I’m sure I mentioned in an earlier post that Popoki was every inch a lady – une grande dame – if you please. She exerted her authority with skill, but she never left anyone in doubt as to who was in charge.  Case in point:

Popo was not an incorrigible scratcher, but she did have one preference.  In the family room of the house where I lived with my parents and brothers, we had an old overstuffed and upholstered rocker.  It was a comfortable chair – we had owned that chair for as long as I could remember.  It was my Dad’s favorite chair, because it fit him well – he was six and one-half feet tall, and this chair suited his body contours just right.  It suited Popoki’s claws just as well.  She did not ruin the upholstery of the chair, but it appeared that she was well on the way to doing so when my mother, who foolishly thought she had control, decided to “teach” the cat not to scratch up the furniture.

Here’s the method she chose to teach Popo to stop exercising her claws on the chair:  “Popoki,” said Mom to the cat,”You must stop scratching the chair!  From now on, whenever you scratch the chair, I’m putting you outside!”  Popo ignored her, and went over to scratch the chair.  Immediately, my mother picked her up, walked over to the adjacent sliding glass door which led to the screened-in porch.  It didn’t seem to bother her much.  As a matter of fact she discovered that if she wanted to go out, all she had to do was scratch the chair!  She got an escorted trip to the door!  Neat!

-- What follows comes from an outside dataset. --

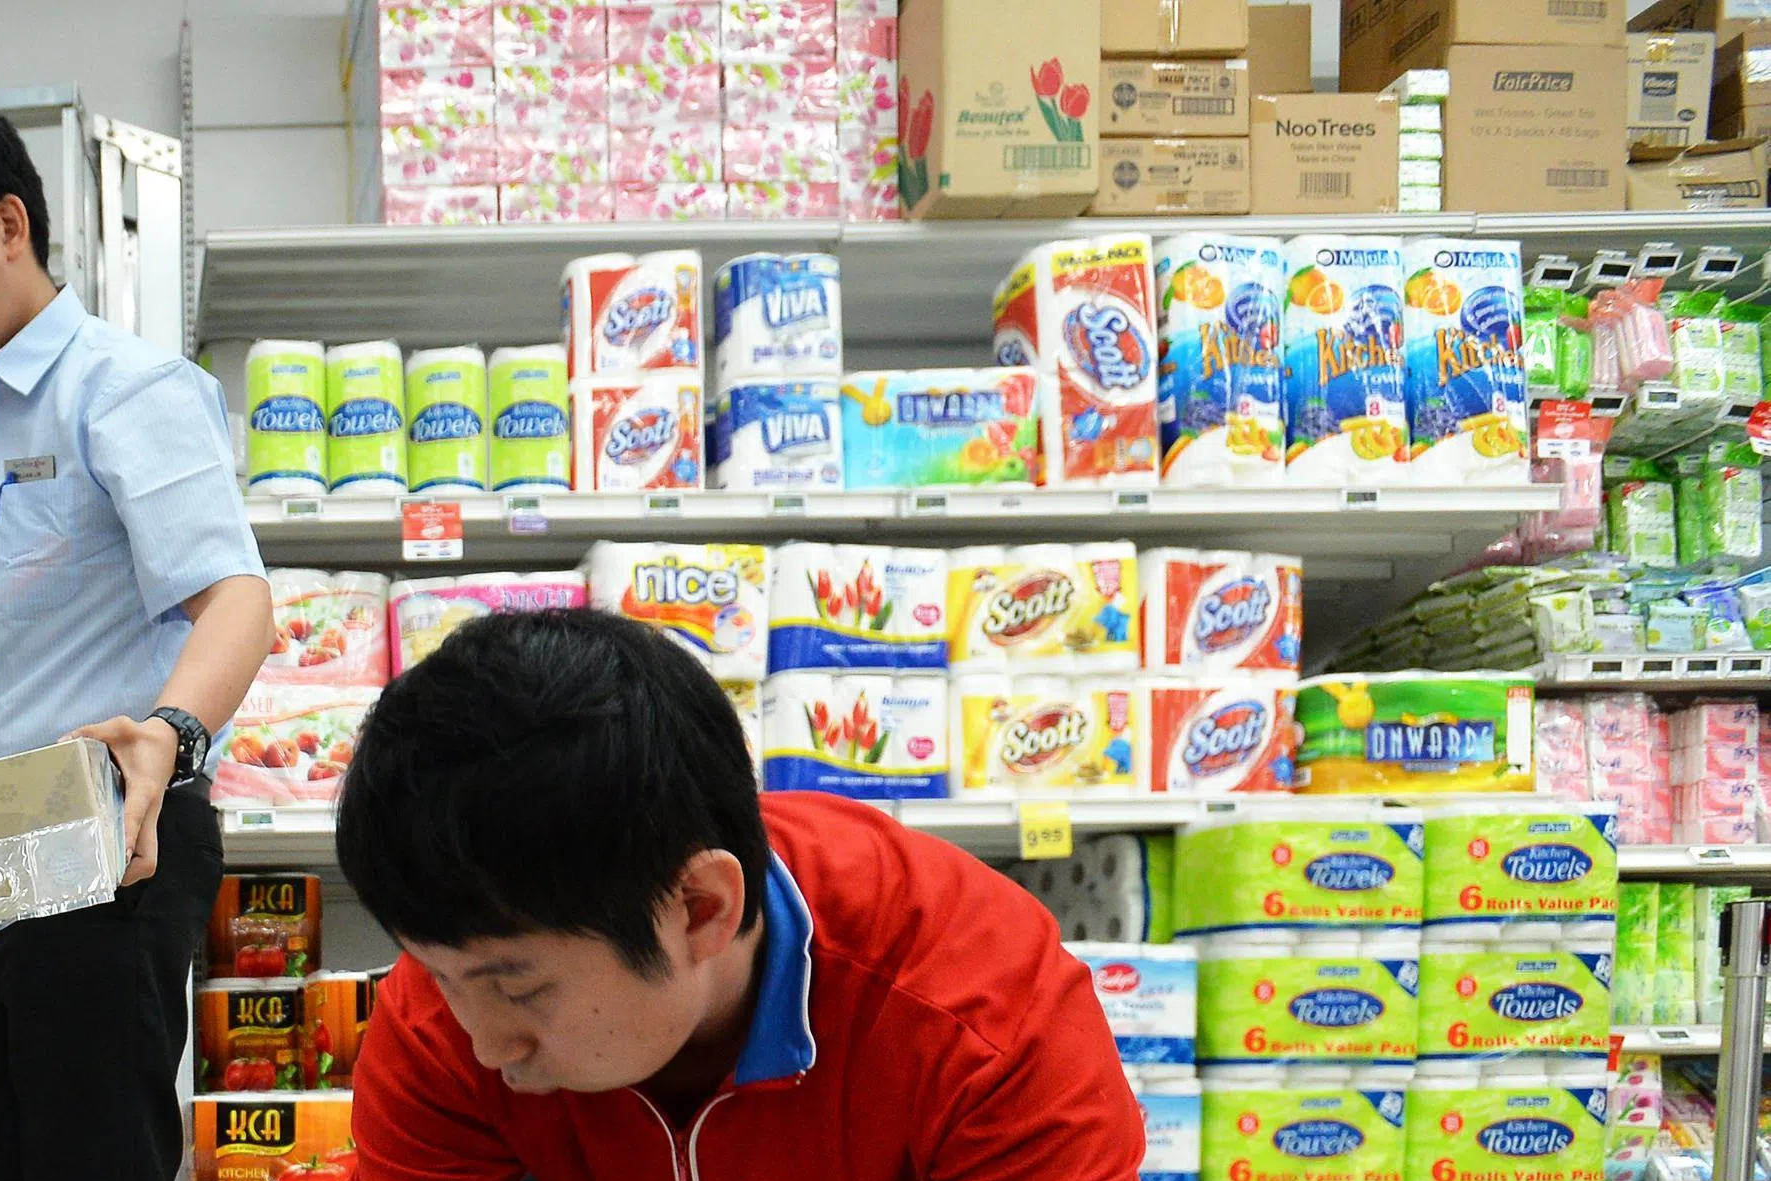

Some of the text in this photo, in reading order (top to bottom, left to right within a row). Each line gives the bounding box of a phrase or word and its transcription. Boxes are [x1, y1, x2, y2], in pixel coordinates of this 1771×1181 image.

It got to the point where you could tell by her body language, that there were many times that she wanted to go out, but didn’t really feel like scratching the chair, but, Hey!  You gotta try to appease your humans. She would do a cursory quick scratch on the chair, and then patiently walk over to the door and wait to be let out.  You could almost see her roll her eyes.  “What a cat’s gotta do to keep people happy! Sheesh!”

Another wonderful memory of Popoki is her way with children.  She always seemed to know how to treat them, and which kids she needed to stay away from, and which ones she could encourage to play.  When my eldest nephew was just learning to walk, Popoki delighted in “knocking him down.”  What she would do was to lean against him as he stood up.  He would lose his balance, and fall down again!  Christopher loved this.  Fortunately, little kids have a very low center of gravity, and it was a short plop to the floor from the standing position.  The two of them would play this game for several minutes at a time.  I never knew who enjoyed it more, but anyone lucky enough to observe their play would have almost as much fun.

There are many more Popoki stories to tell.  They’ll keep for another time.  Until then, for now, I’ve said enough. . .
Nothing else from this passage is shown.